Every entry needs to be written out again exactly, with its pictures removed.

* **Available records**:
▬▬▬▬▬▬▬▬▬▬

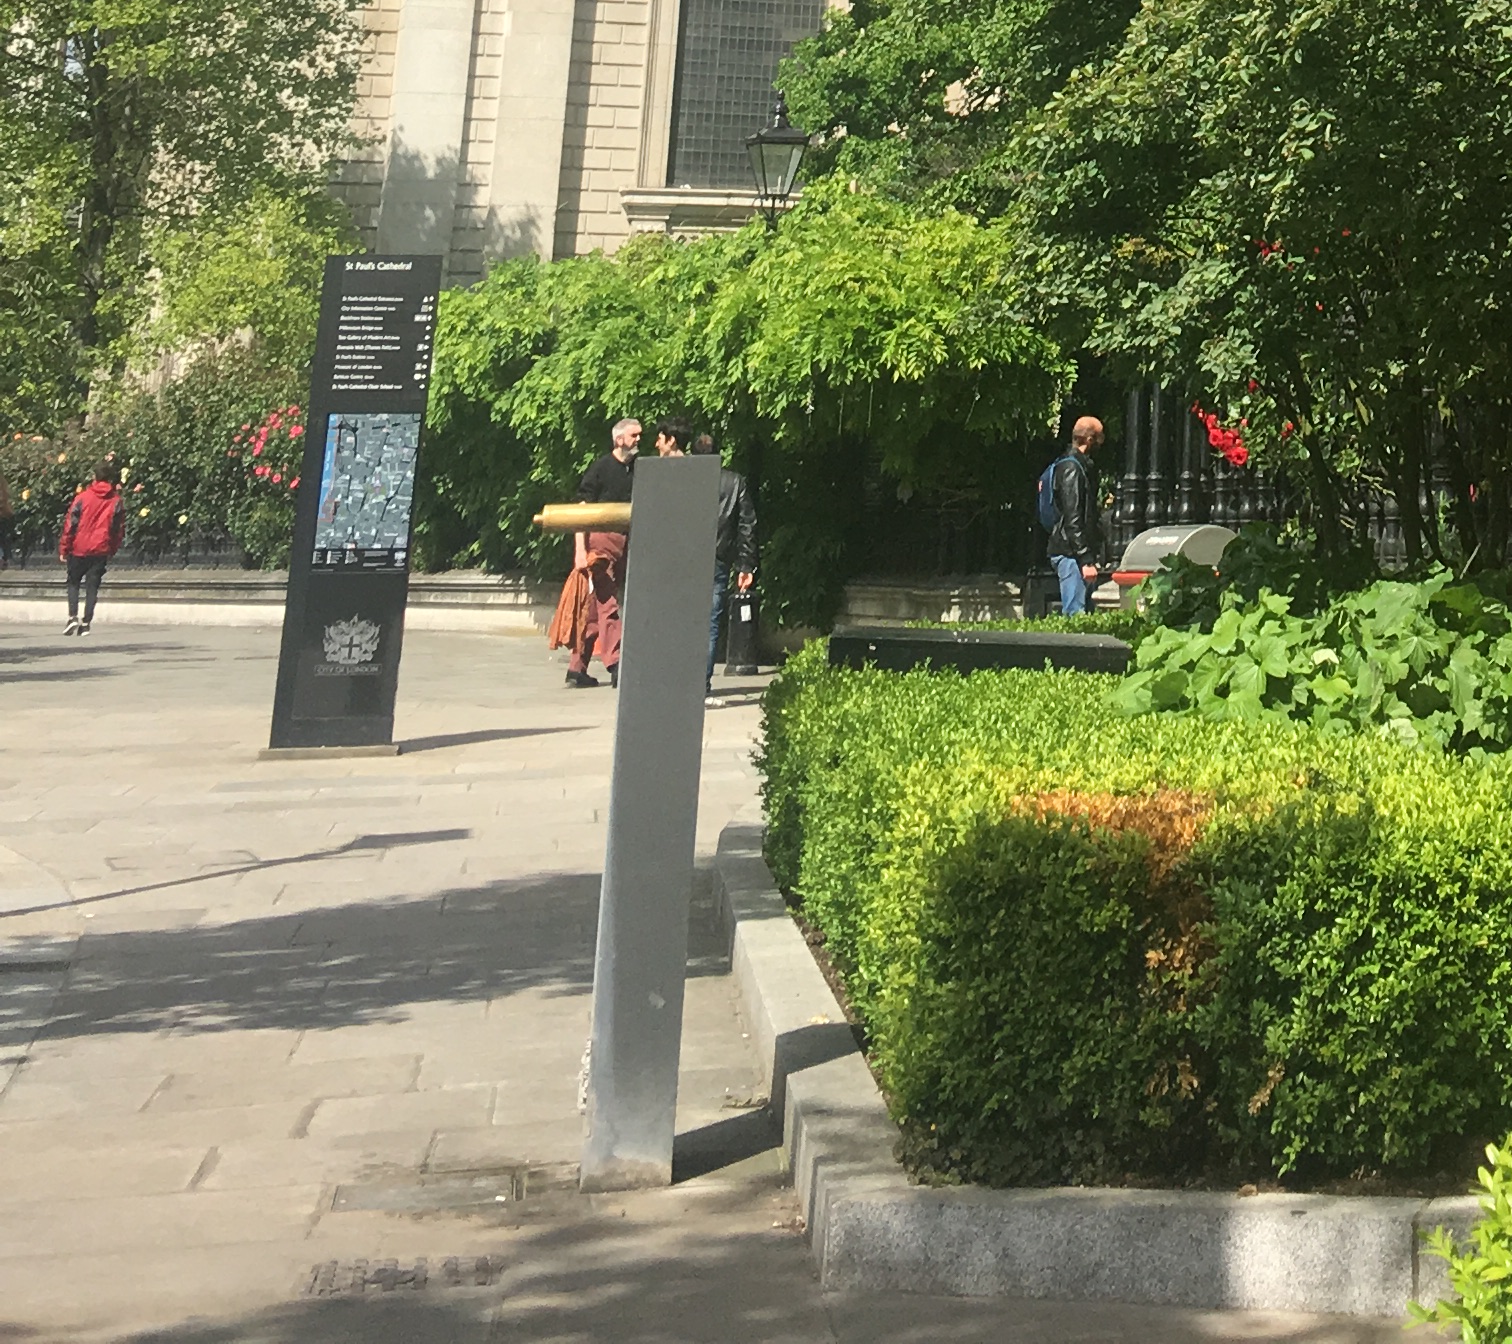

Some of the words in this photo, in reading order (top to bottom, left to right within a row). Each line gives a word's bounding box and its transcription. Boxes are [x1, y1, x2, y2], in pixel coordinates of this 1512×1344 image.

[345, 261, 353, 270] St
[355, 261, 375, 270] Paul's
[376, 261, 412, 271] Cathedral
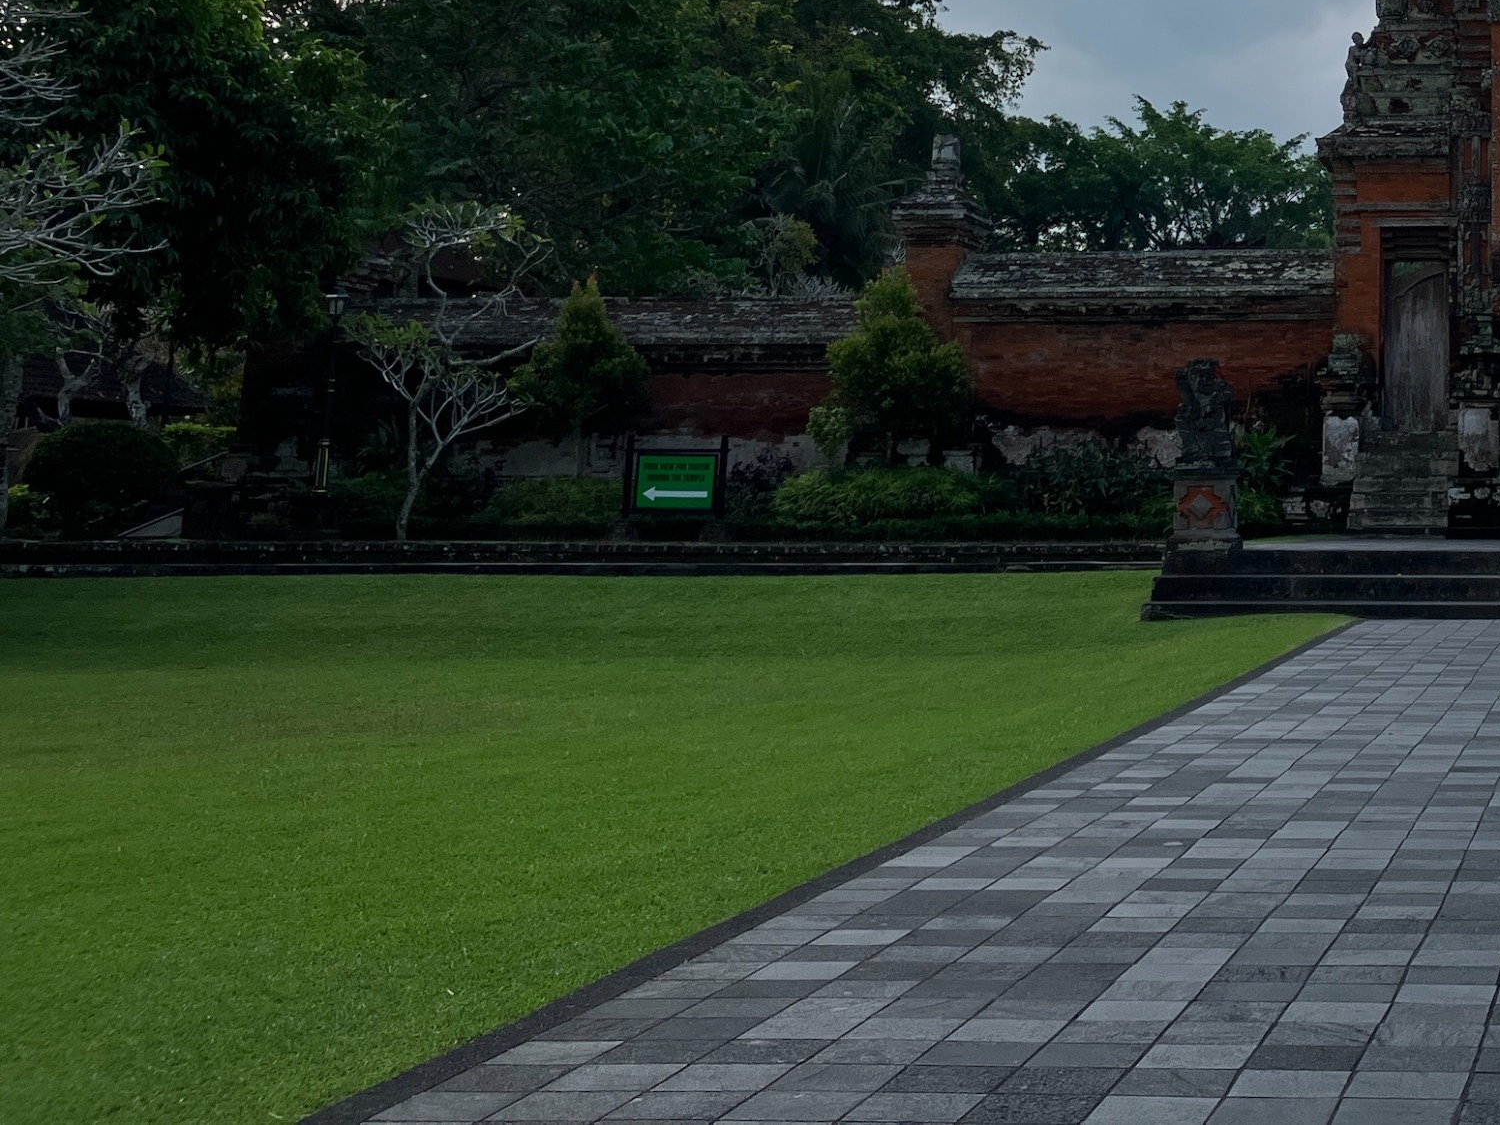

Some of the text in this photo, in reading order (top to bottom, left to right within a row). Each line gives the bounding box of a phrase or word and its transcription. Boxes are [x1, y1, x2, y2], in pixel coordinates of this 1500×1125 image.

[660, 463, 674, 471] VIEW
[676, 463, 687, 471] FOR
[671, 474, 682, 482] THE
[683, 474, 705, 482] TEMPLE
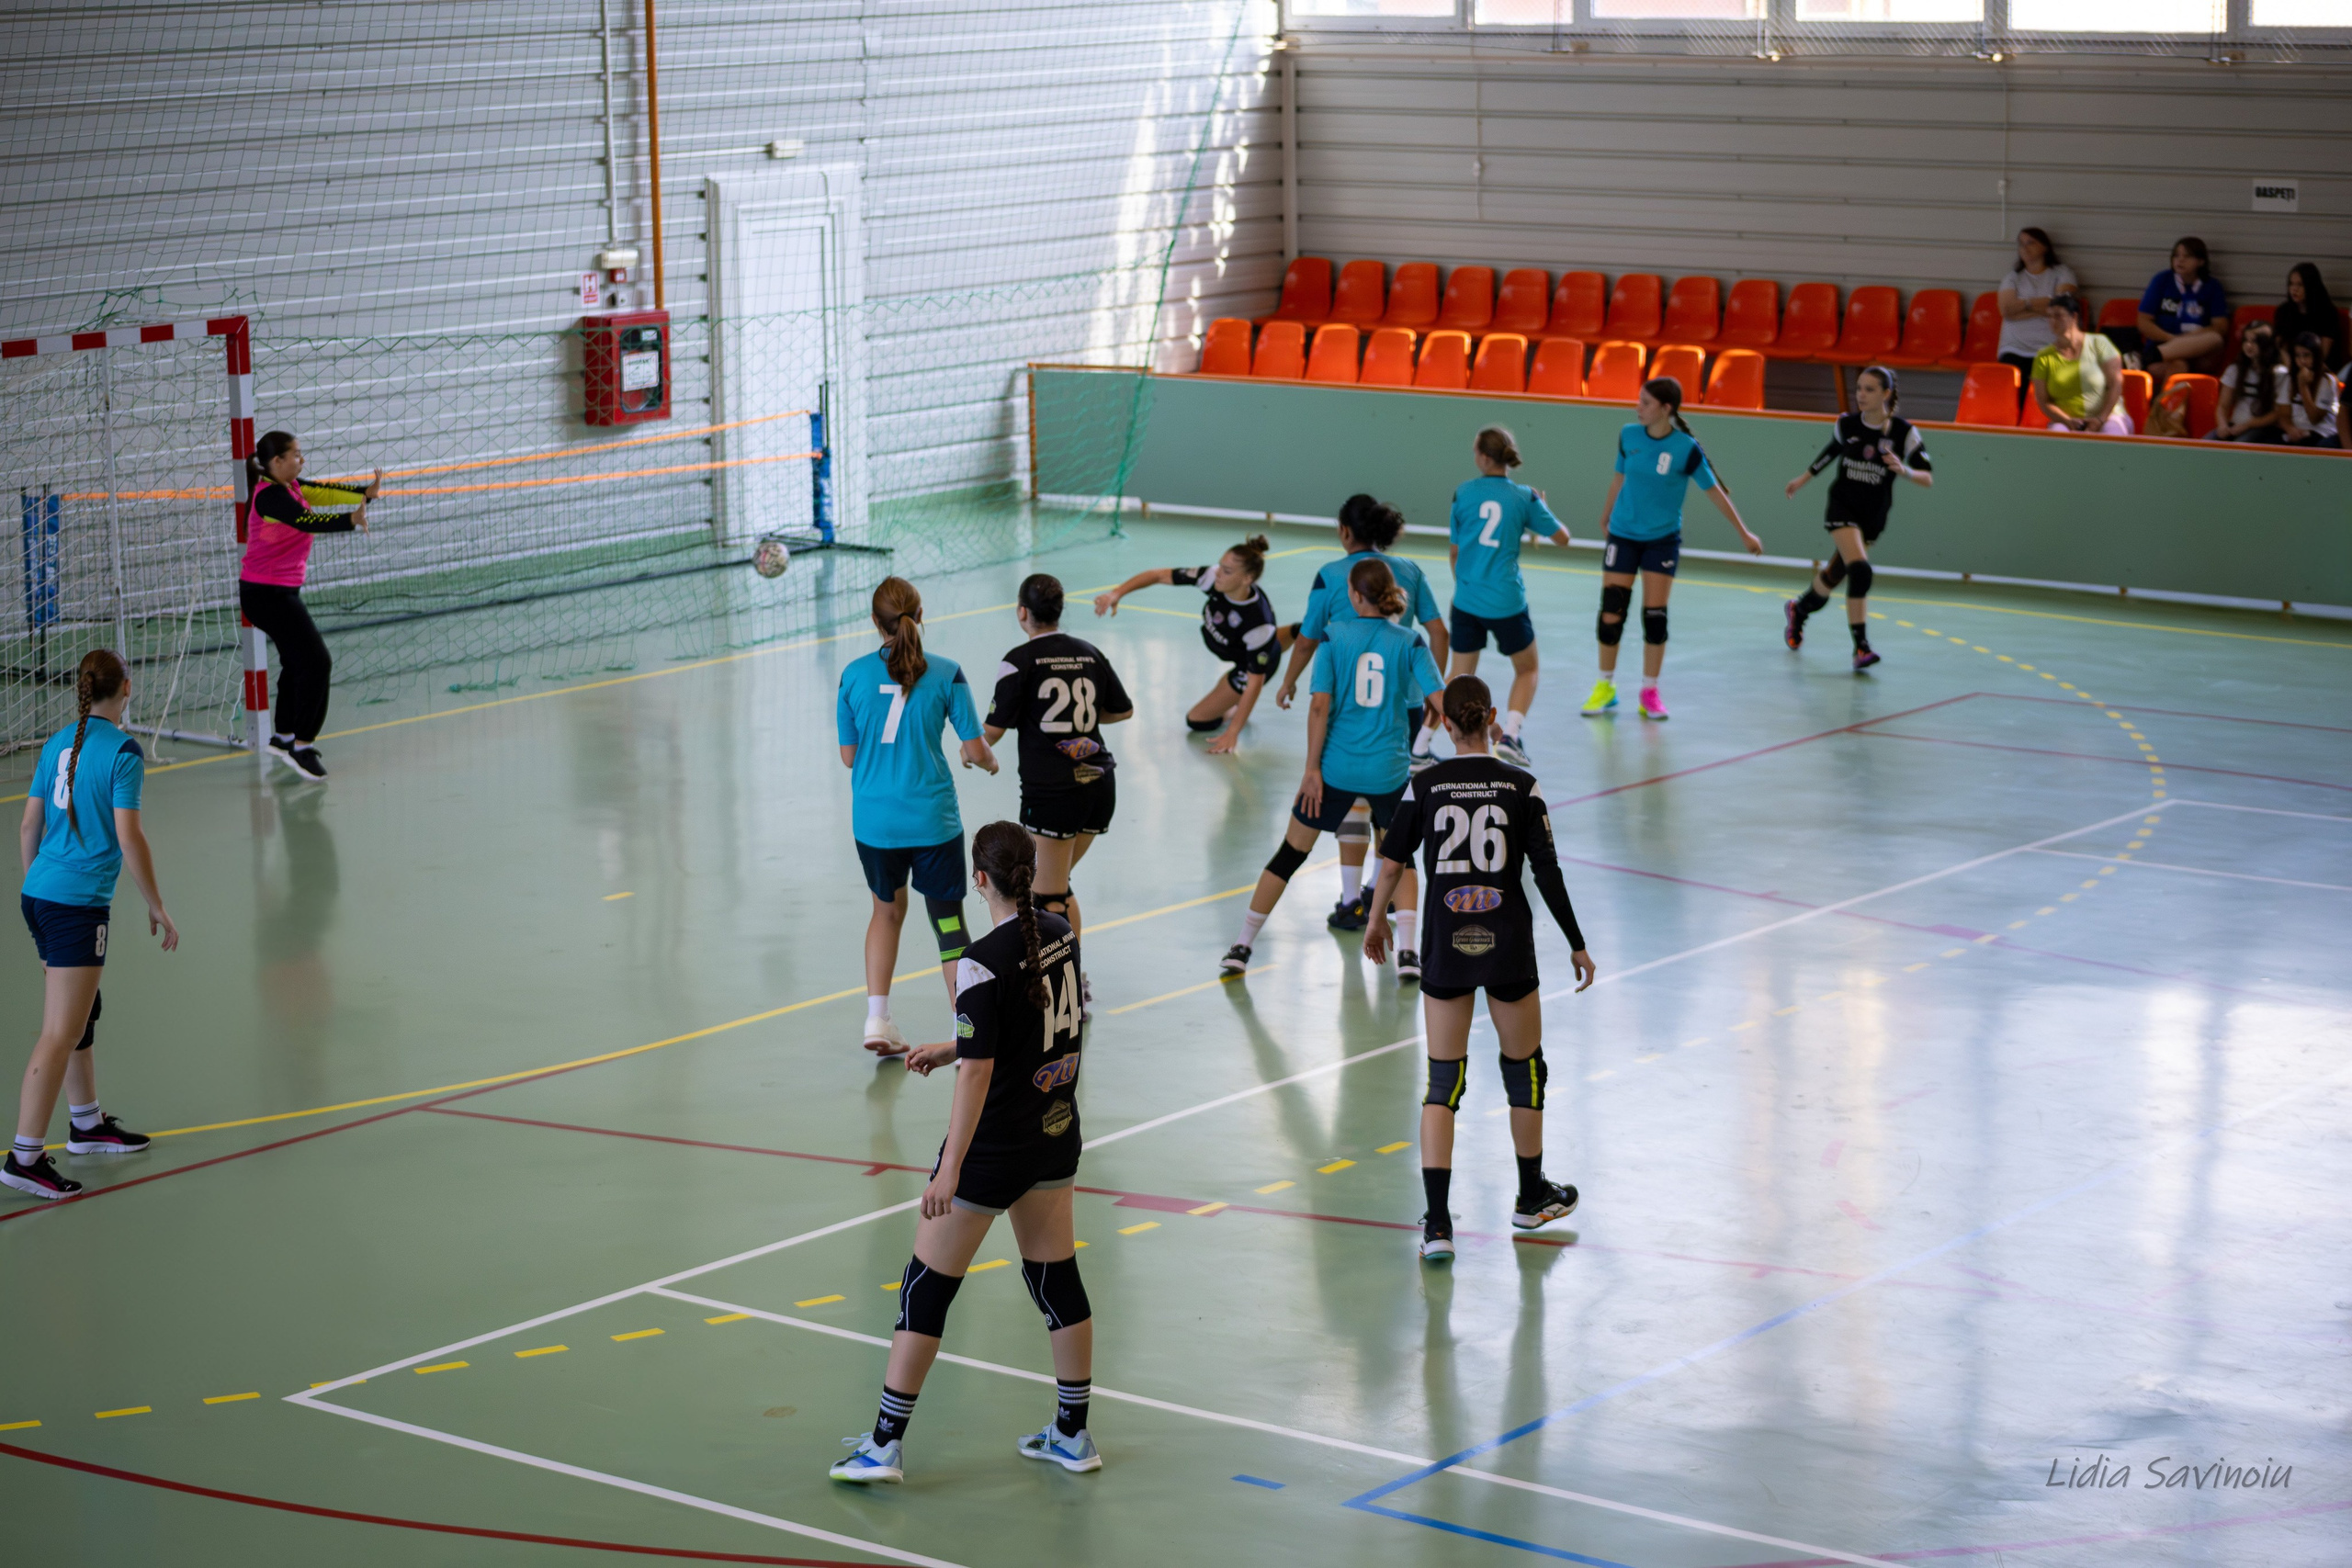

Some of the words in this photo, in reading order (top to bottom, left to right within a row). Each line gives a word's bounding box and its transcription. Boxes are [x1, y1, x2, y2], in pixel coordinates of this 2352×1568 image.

[1478, 500, 1503, 548] 2
[1604, 543, 1619, 568] 9
[1037, 677, 1097, 733] 28
[1354, 651, 1385, 708] 6
[878, 683, 909, 745] 7
[53, 747, 80, 810] 8
[1430, 781, 1489, 794] INTERNATIONAL
[1490, 780, 1517, 792] NIVAFIL
[1450, 790, 1498, 799] CONSTRUCT
[1433, 804, 1510, 875] 26
[95, 923, 107, 958] 8
[1039, 943, 1072, 969] CONSTRUCT
[1041, 959, 1082, 1054] 14

▬▬▬▬▬▬▬▬▬▬

* **Reply**:
Some of the words in this photo, in reading order (top to bottom, left to right within a row). Each line gives a word's bounding box and its transcription. Boxes are [x1, y1, x2, y2], in pixel coordinates of this 1512×1344 image.

[345, 261, 353, 270] St
[355, 261, 375, 270] Paul's
[376, 261, 412, 271] Cathedral

Some of the text in this photo, in reading order (top to bottom, left to right within a row). Each line gives the bounding box of a phrase or word and its transcription. Boxes are [x1, y1, x2, y2], in pixel coordinates of this 1500×1125 image.

[660, 463, 674, 471] VIEW
[676, 463, 687, 471] FOR
[671, 474, 682, 482] THE
[683, 474, 705, 482] TEMPLE

Some of the words in this photo, in reading order (top to bottom, left to right within a row). Each line gives a word's bounding box and its transcription. Boxes are [x1, y1, x2, y2], in pixel coordinates of this 2352×1568 image.

[1478, 500, 1503, 548] 2
[1604, 543, 1619, 568] 9
[1037, 677, 1097, 733] 28
[1354, 651, 1385, 708] 6
[878, 683, 909, 745] 7
[53, 747, 80, 810] 8
[1430, 781, 1489, 794] INTERNATIONAL
[1490, 780, 1517, 792] NIVAFIL
[1450, 790, 1498, 799] CONSTRUCT
[1433, 804, 1510, 875] 26
[95, 923, 107, 958] 8
[1039, 943, 1072, 969] CONSTRUCT
[1041, 959, 1082, 1054] 14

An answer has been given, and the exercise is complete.